Difficile de diagnostiquer et de traiter un syndrome douloureux diffus et chronique dont les mécanismes physiopathologiques sont mal élucidés…
Panorama du Médecin, 29 janvier 2007
La fibromyalgie est-elle une véritable maladie ? A la demande du ministre de la Santé, un groupe de travail de l’Académie nationale de Médecine s’est penché sur cette entité médicale particulière. Plusieurs raisons expliquent son manque de reconnaissance et, par voie de conséquence, la mauvaise prise en charge des patients fibromyalgiques. Primo, le caractère subjectif des troubles, dominés néanmoins par des douleurs musculaires diffuses, une fatigue souvent intense et des troubles du sommeil, accompagnés d’anxiété ou de dépression. Secundo, la maladie n’est sous-tendue par aucune anomalie anatomique ni aucun signe biologique caractéristique. Tertio, exceptée la douleur diffuse, les symptômes ne sont pas constants. Enfin, les patients n’ont pas de profil psychologique spécifique et il est impossible de relier ce syndrome à un trouble uniquement psychogène. Par ailleurs, ses mécanismes physiopathologiques ne sont pas clairs.
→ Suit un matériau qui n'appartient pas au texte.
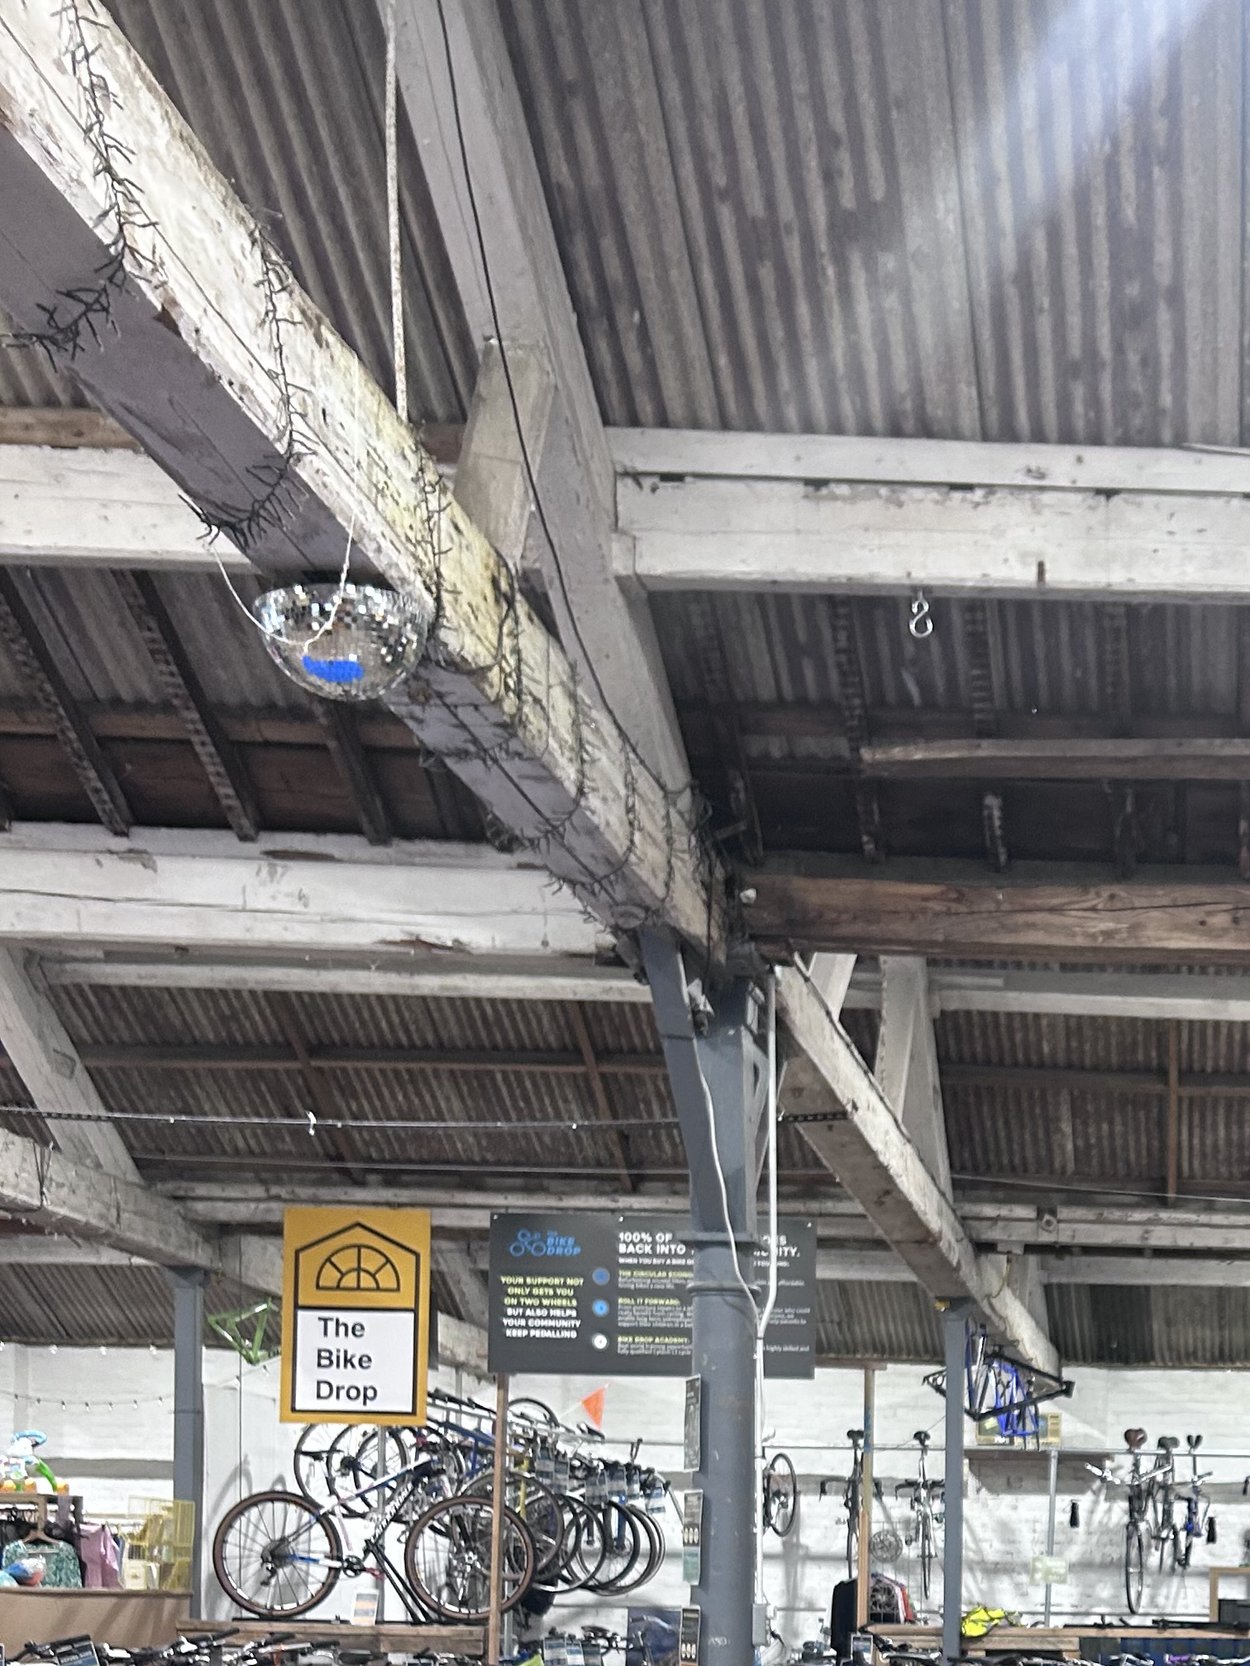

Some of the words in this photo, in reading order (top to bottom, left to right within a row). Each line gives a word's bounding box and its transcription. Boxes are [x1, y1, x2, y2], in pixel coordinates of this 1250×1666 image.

[619, 1231, 652, 1243] 100%
[655, 1231, 673, 1243] OF
[619, 1243, 652, 1255] BACK
[656, 1243, 686, 1255] INTO
[500, 1275, 524, 1285] YOUR
[526, 1276, 564, 1286] SUPPORT
[566, 1277, 584, 1286] NOT
[508, 1287, 530, 1295] ONLY
[556, 1288, 574, 1296] YOU
[504, 1297, 517, 1305] ON
[520, 1297, 540, 1306] TWO
[542, 1298, 577, 1307] WHEELS
[507, 1307, 523, 1316] BUT
[525, 1308, 548, 1317] ALSO
[550, 1308, 577, 1317] HELPS
[318, 1316, 365, 1338] The
[503, 1318, 526, 1327] YOUR
[528, 1318, 581, 1328] COMMUNITY
[506, 1328, 529, 1337] KEEP
[530, 1329, 577, 1339] PEDALLING
[317, 1348, 372, 1369] Bike
[316, 1380, 378, 1406] Drop
Conscients de ces difficultés, les auteurs de ce rapport (Prs Ch.-J. Menkès et P. Godeau) recommandent une prise en charge individualisée et multidisciplinaire (rhumatologue, rééducateur, psychiatre…). Les traitements médicamenteux sont en effet assez décevants et il faut souvent recourir à différentes stratégies thérapeutiques : thérapies cognitives et comportementales, techniques de relaxation, acupuncture… Un espoir à l’horizon : grâce aux progrès de l’imagerie médicale, les chercheurs commencent à entrevoir des explications et penchent pour un désordre central de la modulation douloureuse.